Como cada vez que caminábamos, el vecino de abajo salía a la escalera a gritarnos, aprendimos a volar. Descubrimos con felicidad de niños que nos habían crecido alas, así que nos desplazábamos de una pieza a la otra sin tocar el suelo, sin que resonaran los zapatos, sin que crujieran los tablones de madera. Crujían sí, inevitablemente, las puertas al abrirse o cerrarse y correr las sillas para sentarse causaba sin duda algún sonido que repercutía abajo. Pero como el vuelo había eliminado la fuente mayor de producción de ruido, creímos de buena fe que había concluido el tiempo de la represión y las quejas.

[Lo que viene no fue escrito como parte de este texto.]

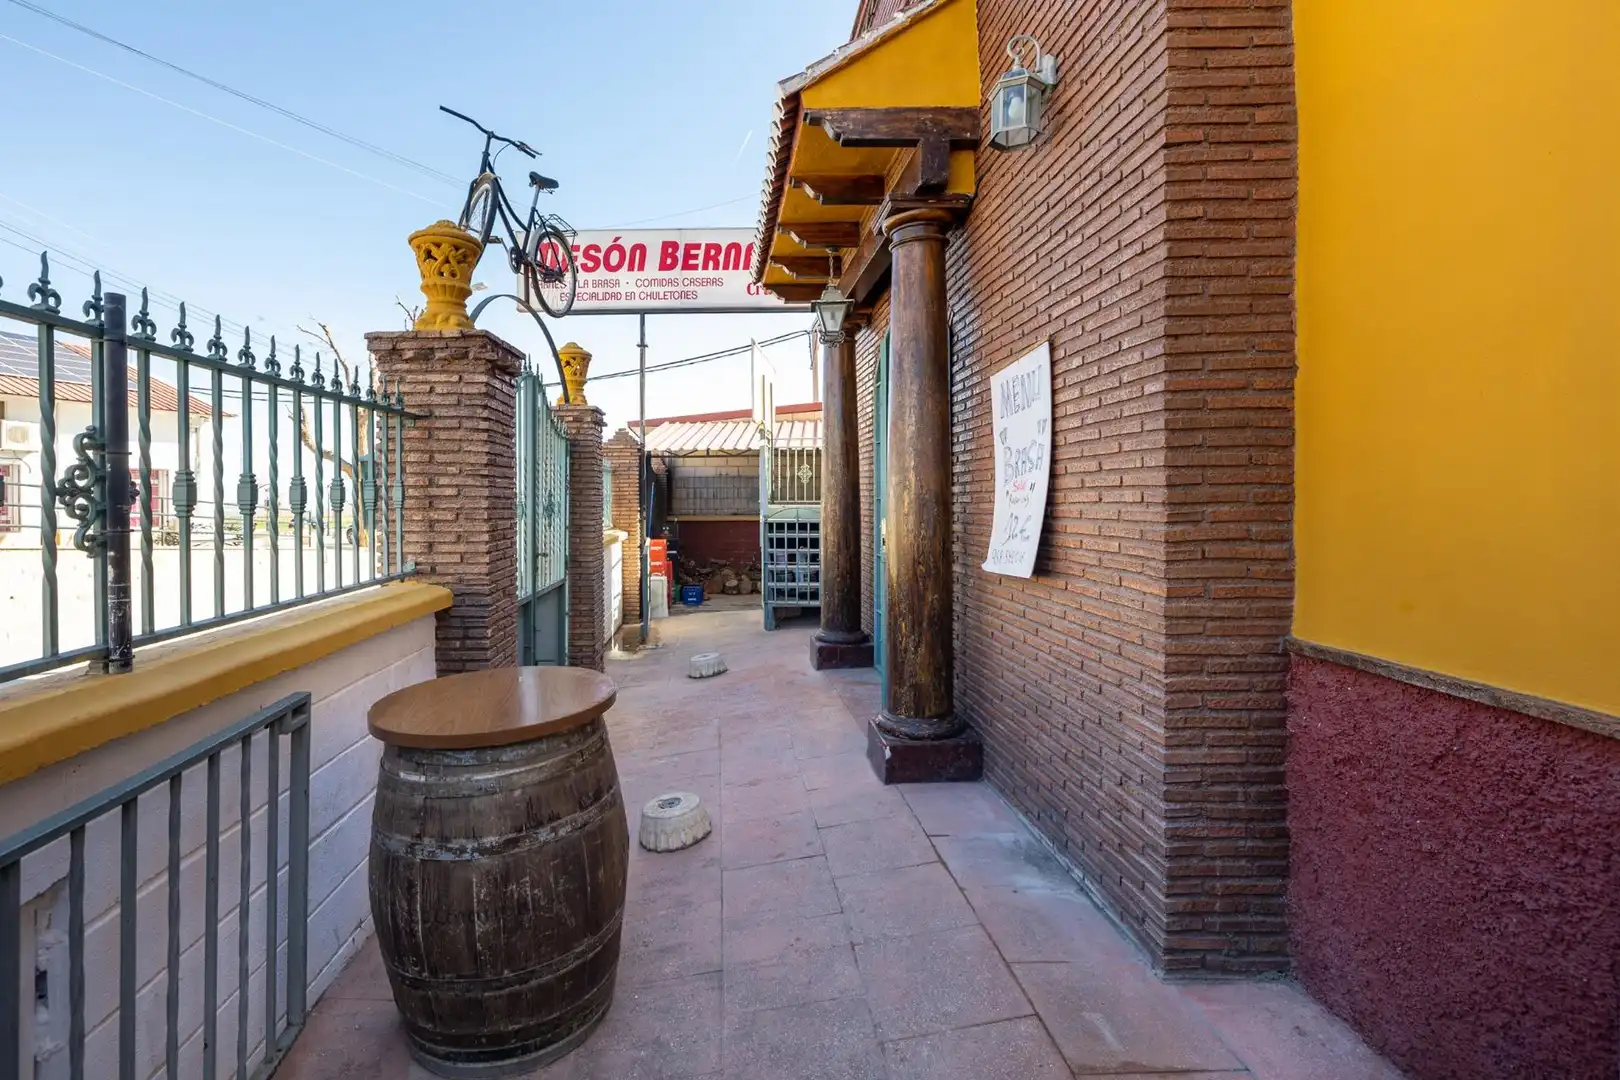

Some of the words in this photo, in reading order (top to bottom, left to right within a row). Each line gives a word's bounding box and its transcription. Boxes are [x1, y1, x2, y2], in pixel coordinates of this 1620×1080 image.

[578, 279, 588, 288] LA
[592, 279, 620, 288] BRASA
[636, 278, 679, 288] COMIDAS
[682, 277, 724, 287] CASERAS
[560, 292, 622, 301] ESECIALIDAD
[625, 292, 635, 301] EN
[639, 290, 698, 300] CHULETONES

Una mañana, sin embargo, cuando nos sentábamos a desayunar, surgió, como de lo más profundo del infierno, la voz del vecino conminándonos a callar. Temblaron nuestros cuerpos alados ante la intempestiva intervención que, como siempre, nos amenazaba desde abajo sin atreverse a subir. No entendimos, sólo permanecimos inmóviles el tiempo que duró el miedo y luego seguimos desayunando. Cuando nos levantamos a lavar los platos, resonó otra vez el del infierno. ¿Las sillas ? Al día siguiente logramos que levitaran todos los muebles, de modo que no se produjera el más mínimo roce entre las patas y el piso. Eramos un fenómeno en realidad, ya que vivíamos desafiando la ley de la gravedad. Comíamos, dormíamos, nos duchábamos y hasta mirábamos televisión flotando y, como les habíamos aceitado las bisagras, ni siquiera las puertas sonaban. Casi aire éramos, de tan livianos. A veces, para no incomodar, hasta salíamos por las ventanas en vez de por la puerta de calle. Estábamos satisfechos de nuestra capacidad de adaptación y de la solución que habíamos hallado para el problema de convivencia. Creíamos de buena fe que el vecino también estaba satisfecho.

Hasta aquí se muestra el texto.